Louisville bank shooting victim mentored Connor Sturgeon, pretended to be dead: ‘He might shoot me again’

Louisville bank shooting victim mentored Connor Sturgeon, pretended to be dead: ‘He might shoot me again’

One of the eight people injured in a Kentucky bank shooting that left five people dead on Monday told CBS News that she mentored gunman Connor Sturgeon, the Alabama graduate killed by Louisville police.

“He never made me feel like he would have done this. Not in a million years. He was very kind and soft-spoken,” Dana Mitchell told CBS News.
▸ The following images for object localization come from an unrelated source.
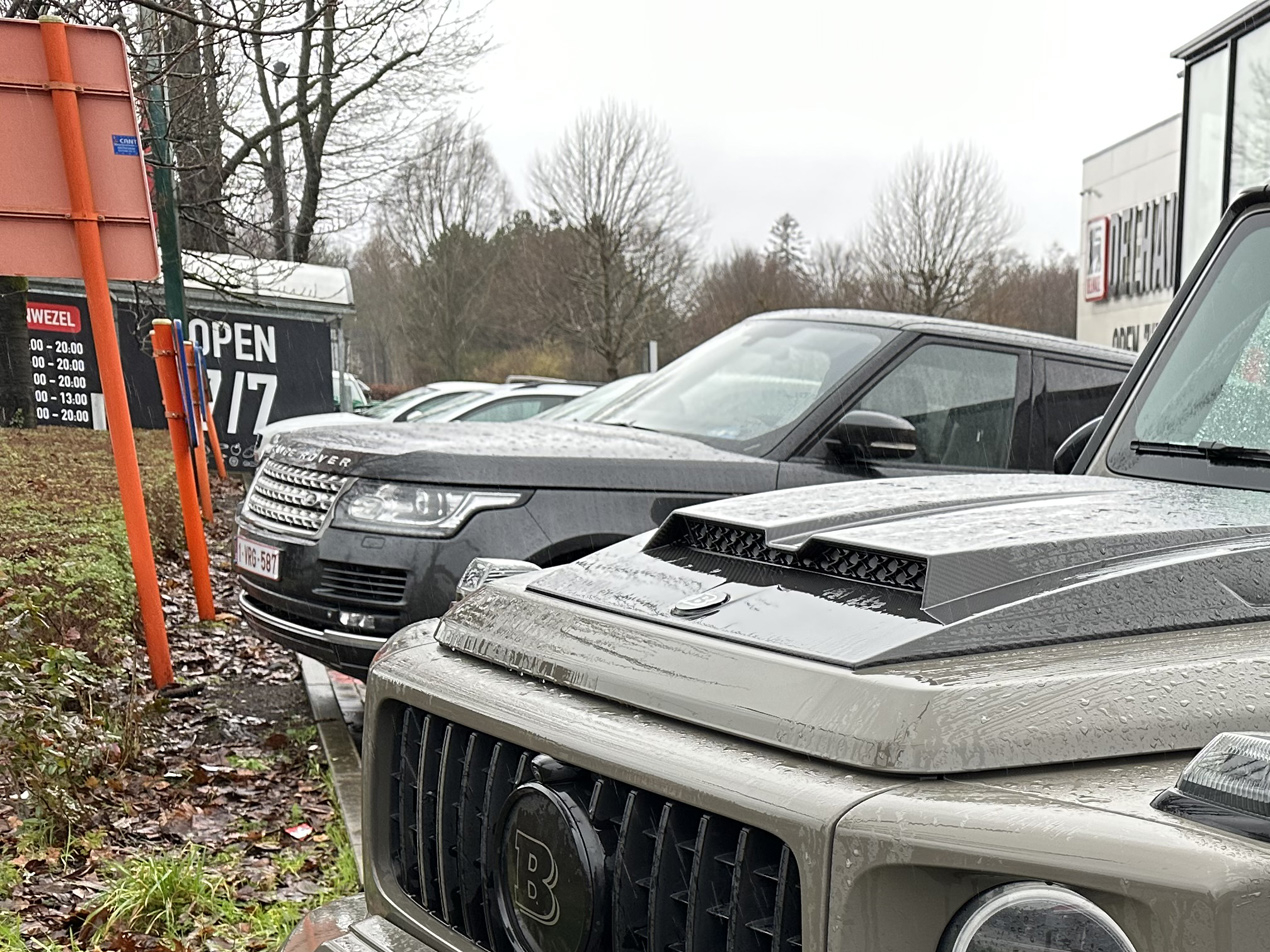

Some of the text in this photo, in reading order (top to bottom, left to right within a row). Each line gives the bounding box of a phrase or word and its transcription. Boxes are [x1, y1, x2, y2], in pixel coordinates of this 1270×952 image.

[55, 341, 84, 355] 20:00
[189, 318, 277, 364] OPEN
[56, 358, 85, 372] 20:00
[58, 375, 87, 389] 20:00
[60, 392, 88, 406] 13:00
[61, 409, 89, 423] 20:00
[238, 543, 277, 575] 1-VRG-587
[514, 829, 561, 926] B
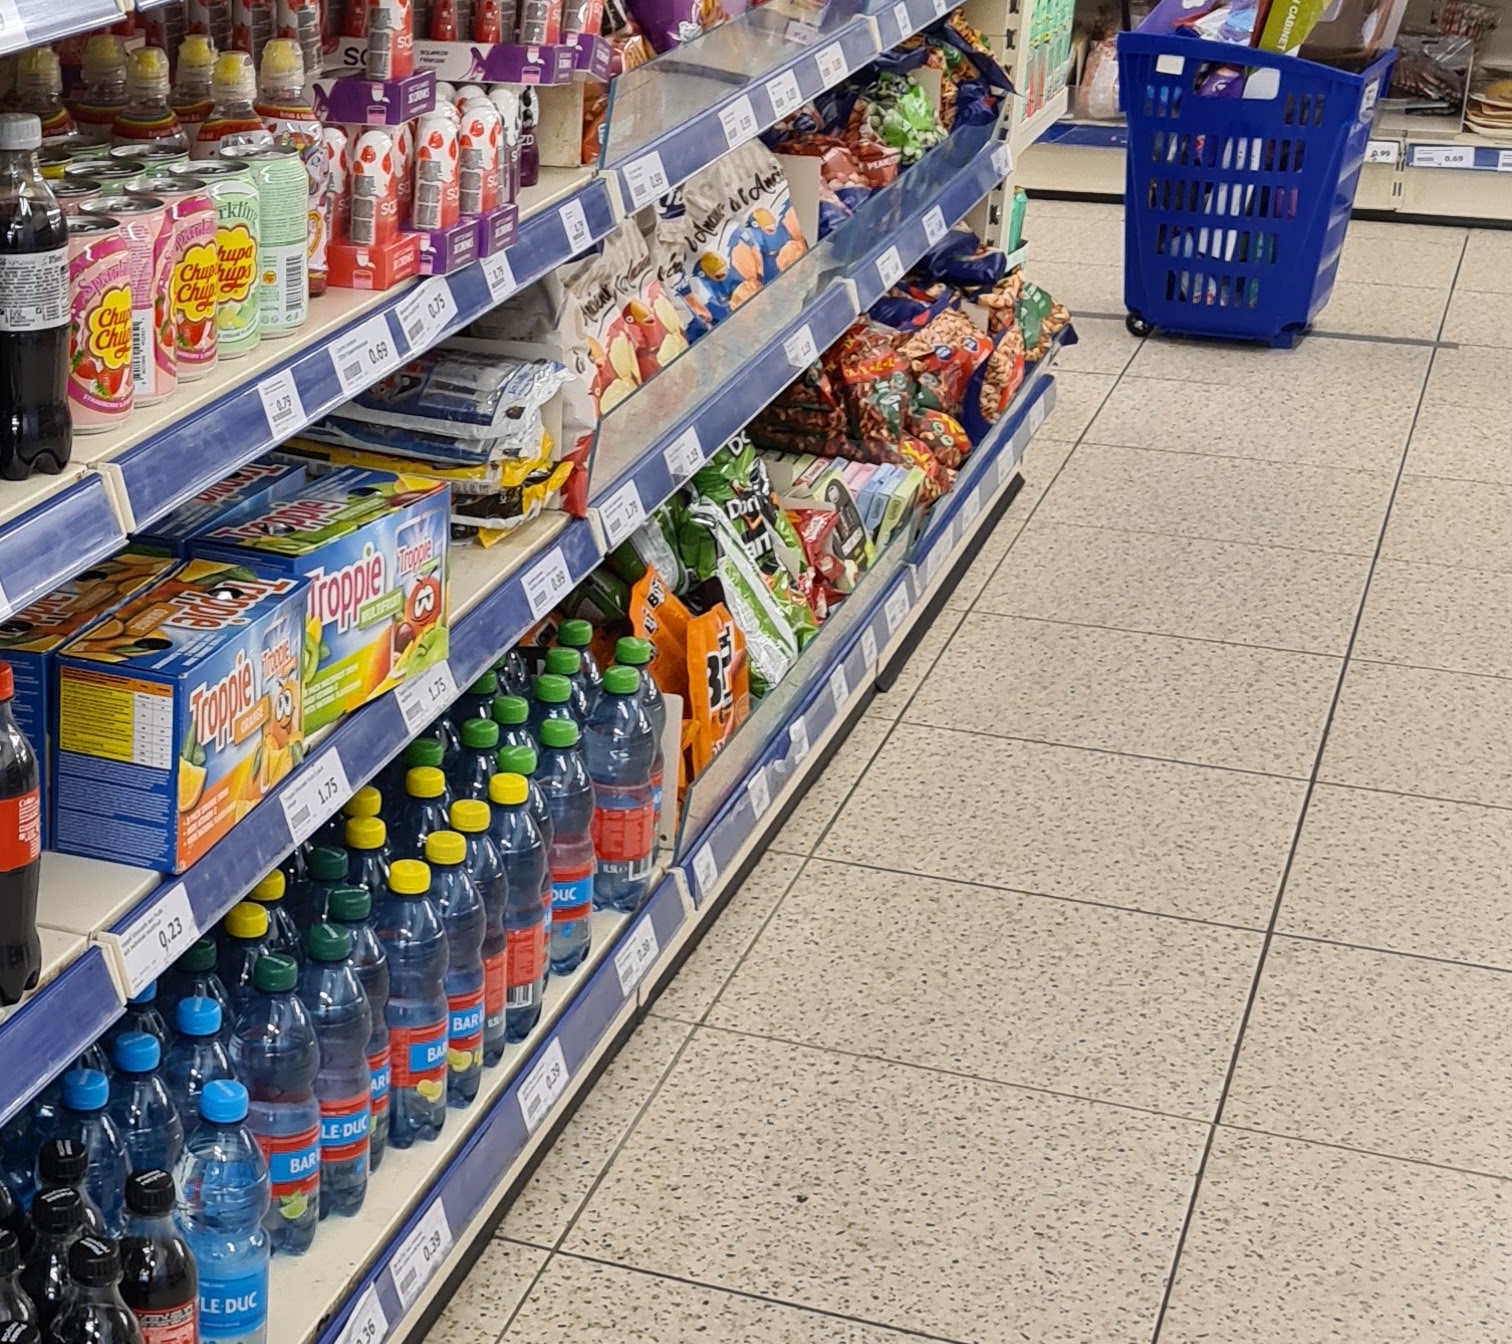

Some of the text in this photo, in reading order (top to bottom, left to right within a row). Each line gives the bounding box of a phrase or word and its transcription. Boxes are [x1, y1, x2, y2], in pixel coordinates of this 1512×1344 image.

[368, 341, 388, 365] 0.69
[306, 542, 385, 633] Troppie
[172, 578, 300, 631] Troppie
[191, 652, 255, 752] Troppie
[427, 677, 447, 703] 1.75
[316, 776, 339, 805] 1.75
[158, 916, 183, 949] 0.23
[423, 1229, 442, 1262] 0.39
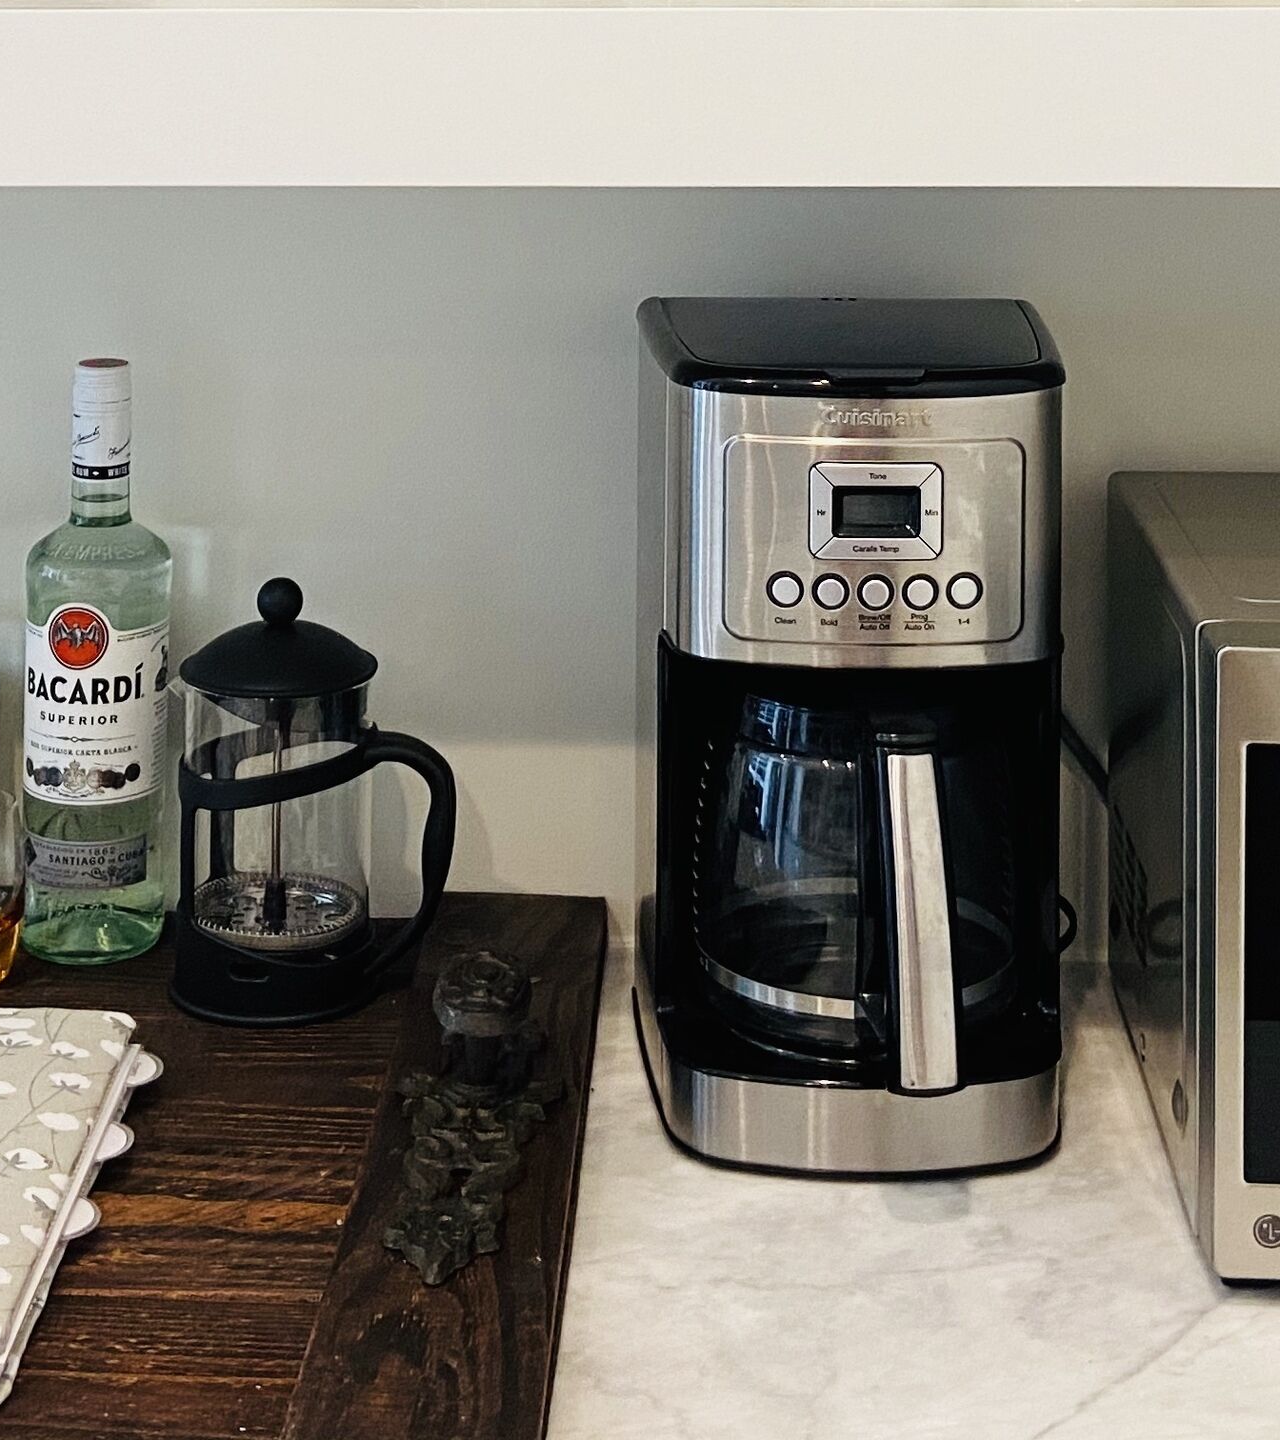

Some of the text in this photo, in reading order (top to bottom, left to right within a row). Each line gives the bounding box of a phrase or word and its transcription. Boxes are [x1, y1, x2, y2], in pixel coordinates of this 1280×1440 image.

[820, 403, 931, 426] Cuisinart
[40, 711, 118, 725] SUPERIOR
[49, 854, 105, 865] SANTIAGO
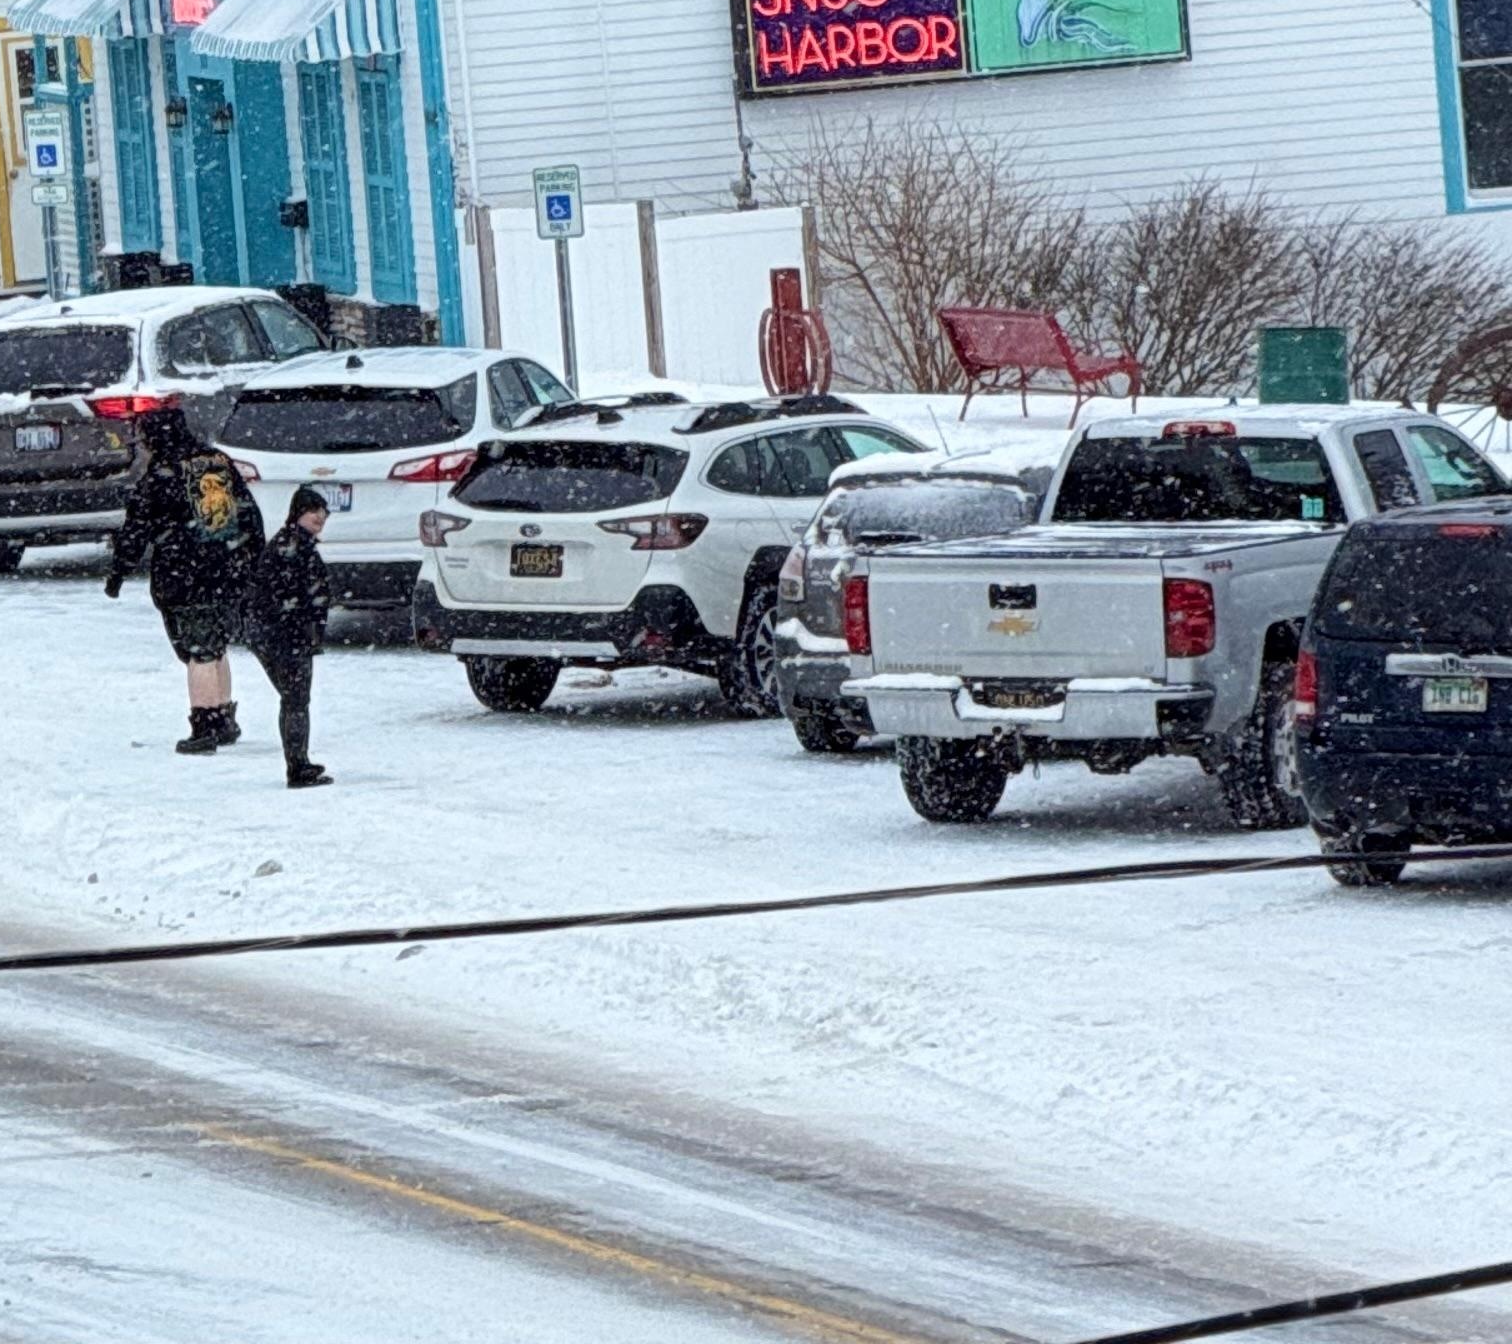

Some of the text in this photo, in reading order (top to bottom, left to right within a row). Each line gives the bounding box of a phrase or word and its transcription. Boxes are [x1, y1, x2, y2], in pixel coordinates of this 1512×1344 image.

[757, 14, 957, 77] HARBOR
[30, 128, 59, 136] PARKING
[536, 171, 577, 182] RESERVED
[539, 183, 575, 194] PARKING
[550, 222, 571, 232] ONLY
[1340, 713, 1375, 724] PILOT
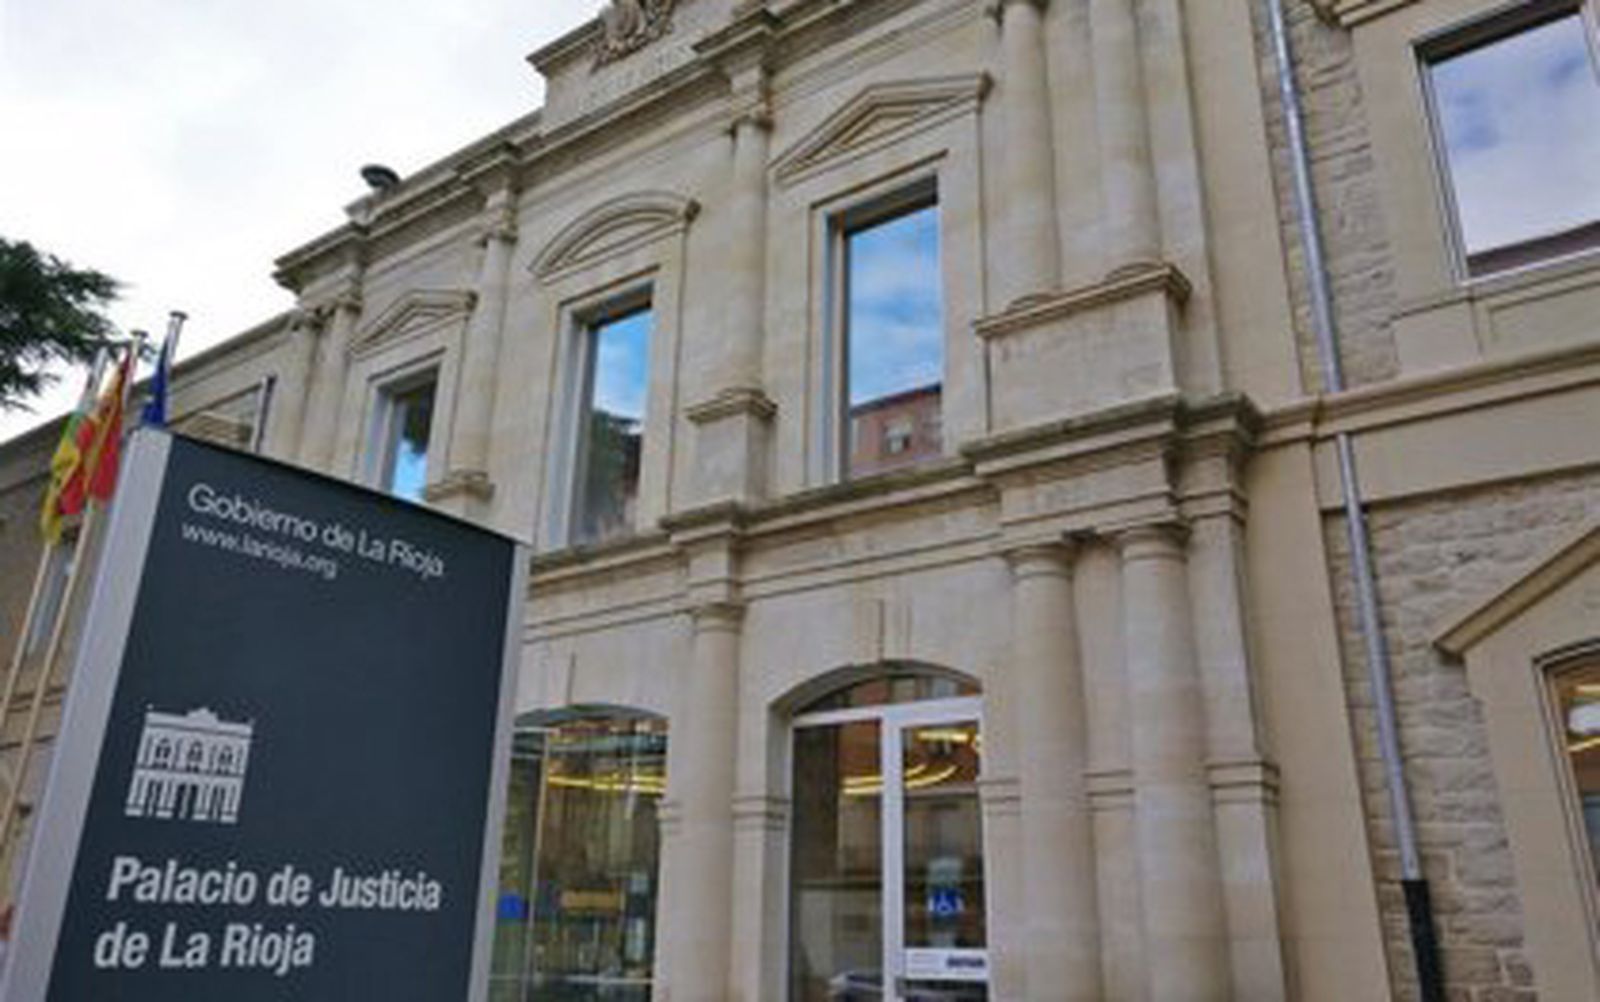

Mitchell said she pretended to be dead after Sturgeon shot her with an AR-15, leaving her with a bullet wound “10 inches long” that “didn’t hit anything important.”

See also:

“I tried not to breathe a lot. I didn’t want to move around. I didn’t want him to see me moving or hear me breathing, because I thought he might shoot me again,” Mitchell said.

Sturgeon had recently learned he was to be fired from the Louisville bank. His father says his brain will be examined to see if a CTE might have played a role in the massacre.

Peter Palmer, an Indiana-based lawyer who is friends with Sturgeon’s father, told NBC News the gunman was seeing a counselor for depression and anxiety.

Funerals have been arranged for the five killed, The Associated Press reported: senior vice presidents Tommy Elliott, 63, and Joshua Barrick, 40; executive administrative officer Deana Eckert, 57; loan analyst Juliana Farmer, 45; and commercial real estate market executive Jim Tutt Jr., 64.

Farmer, who had four grandchildren and another one on the way, just moved to Louisville from Henderson, Kentucky weeks before the shooting.

Sturgeon attended the University of Alabama from the fall of 2016 through December 2020, according to Shane Dorrill, UA’s assistant director of communications.

Sturgeon completed his undergraduate studies with a double major in finance and economics. He then received a Master’s of Science Degree, also from the University of Alabama.

According to Sturgeon’s LinkedIn profile, he was a syndications associate and portfolio banker with Old National Bank in Louisville following completion of the ONB Commercial Banking Development Training Program in April 2022.